De la musique traditionnelle à l’éthio-jazz, du Krar au Begena, la musique éthiopienne dessine une longue histoire. Girma Bèyènè, figure du « Swinging Addis » dans les années 1960-1970, qui après le succès et l’exil aux Etats-Unis, retrouve la scène en 2015 au côté du groupe français Akalé Wubé et un album Mistakes on purpose, paru en 2017 dans la mythique collection Ethiopiques sous la direction de Francis Falceto.
Girma Bèyènè débute sa carrière comme chanteur au sein du Ras Band en 1961. Il se fait surtout connaître comme pianiste, organiste, et arrangeur lors de son travail avec son complice le chanteur Alèmayèhu Eshèté avec lequel il fonde l’orchestre Alèm-Girma Band.
De 1969 jusqu’en 1978, il travaille sur plus de 60 titres et se fait reconnaître par ses arrangements inspirés de la pop music anglo-américaine.
Girma Bèyènè & Akalé Wubé, Mistakes On Purpose
À cette époque, il est plus actif et reconnu dans son pays que Mulatu Astatke, futur grand nom de l’éthio-jazz qui a arrangé en 1969 certaines de ses chansons, comme « Yebekagnale », « Yegele Tezeta », « Set Alamenme », ou « Ene Negn Bay Manesh ». Lors d’une tournée internationale, il en profite pour émigrer aux États-Unis en 1981, mais connaîtra d’immenses difficultés pour se produire sur scène.
Dans son pays d’accueil, la musique devient vite «un job à temps partiel.
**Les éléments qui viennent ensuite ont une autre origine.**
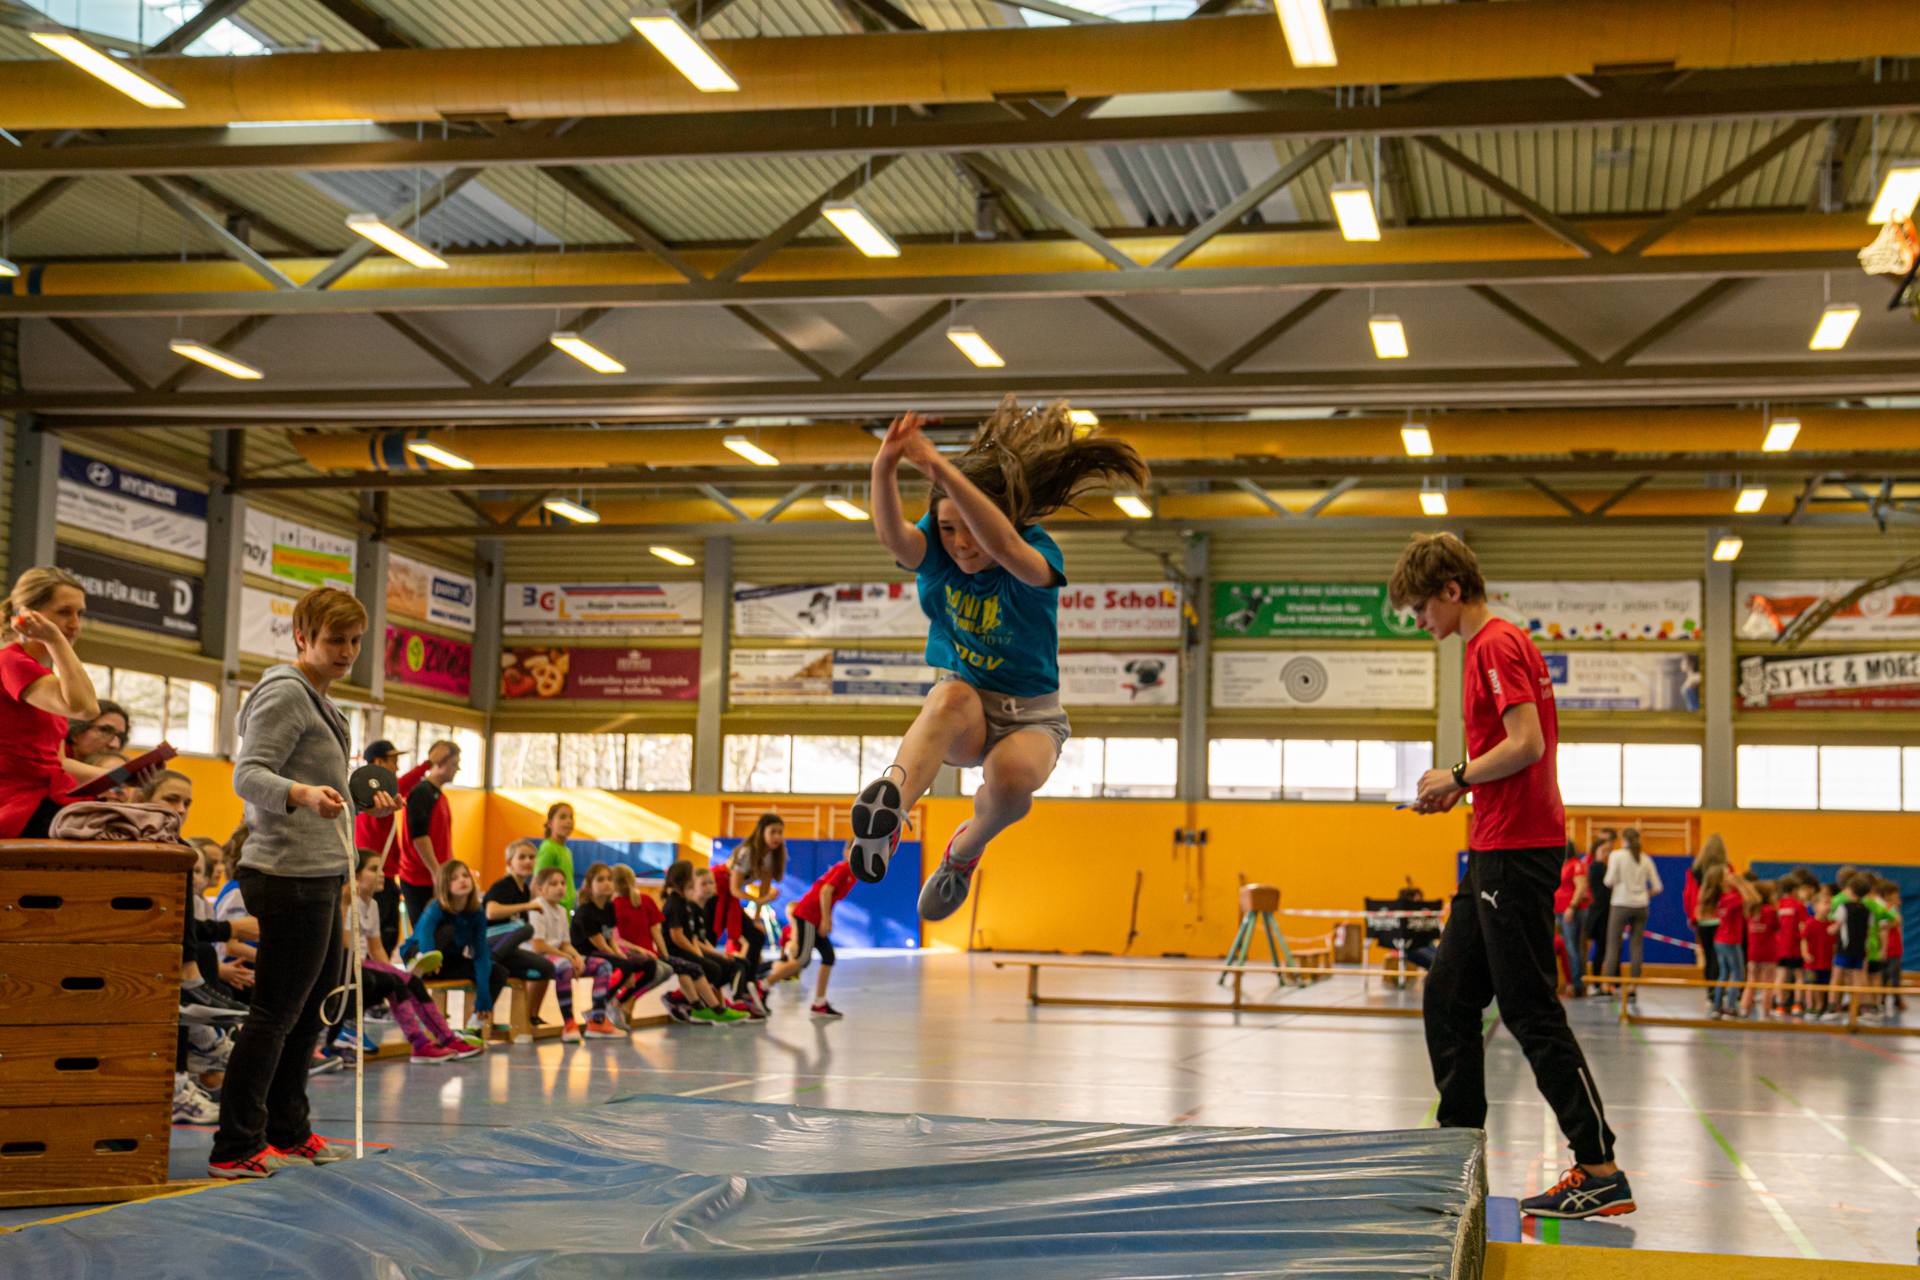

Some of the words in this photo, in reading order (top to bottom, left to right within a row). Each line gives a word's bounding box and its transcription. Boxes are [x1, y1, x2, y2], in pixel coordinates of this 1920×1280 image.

Je gagnais ma vie dans une station-service.» C’est sur la Côte Est, à Washington, que Francis Falceto – producteur des mythiques collections Ethiopiques (Buda Musique)- retrouve sa trace en 2005 et l’interviewe pour nourrir les livrets des Ethiopiques.
Trois ans plus tard, le productif Français organise dans le cadre d’un festival à Addis-Abeba une soirée en hommage à Girma Bèyènè. Pour l’ex-baby-boomer biberonné de bon vieux rock’n’roll, de soul suave et de ritournelles pop, c’est le début des retrouvailles avec son pays, où il reviendra bientôt s’installer.
2008, c’est aussi l’année de fondation d’Akalé Wubé, quintet français d’obédience jazz «ouvert» qui doit son nom à une autre étoile éthiopienne, le sax Gétatchèw Mèkurya.

Ce n’est que sept ans plus tard que va germer l’idée de ce disque. «Girma cherchait un groupe pour l’accompagner. Francis, que l’on venait de croiser, a pensé à nous. Cinq jours après, Girma était OK. Un concert parisien en 2015 aura raison du quintet. Tous sont raccords : ce coup d’essai mérite d’être transformé. Neuf mois plus tard, Girma Bèyènè est fin prêt pour enregistrer un album dans les studios de ses nouveaux amis parisiens, avec Francis Falceto à la direction artistique.
Girma Bèyènè choisit les titres parmi le vaste répertoire de l’Ethiopien, auxquels s’ajoute For Amha, un original des Français en hommage à Amha Eshèté, légendaire producteur du Swingin’ Addis.
Le résultat laisse béat. «Ça ne joue pas toujours vite, mais c’est compensé par un tel feeling. Un truc inimitable ! On ne cherchait pas la virtuosité. Ces gens-là font la musique avec ce qui tombe sous leurs doigts. C’est juste beau au piano. Parfois même magique.
David Georgelet
David entrevoit en Girma Bèyènè le même phénomène qu’avec Ruben Gonzalez, pianiste cubain dont le premier album demeure le monument de l’aventure Buena Vista Social Club. La comparaison s’arrête là, car à l’écouter fracasser des deux mains le clavier sur plus d’un titre, ou bien le caresser avec doigté, on devine que Girma Bèyènè demeure fidèle à ses options qui voici un demi-siècle faisaient de cette espèce de «yéyé» une personnalité hors norme, un avant-gardiste combinant sens de la pop et goût pour le jazz, oblique psychédélique et carrure rock.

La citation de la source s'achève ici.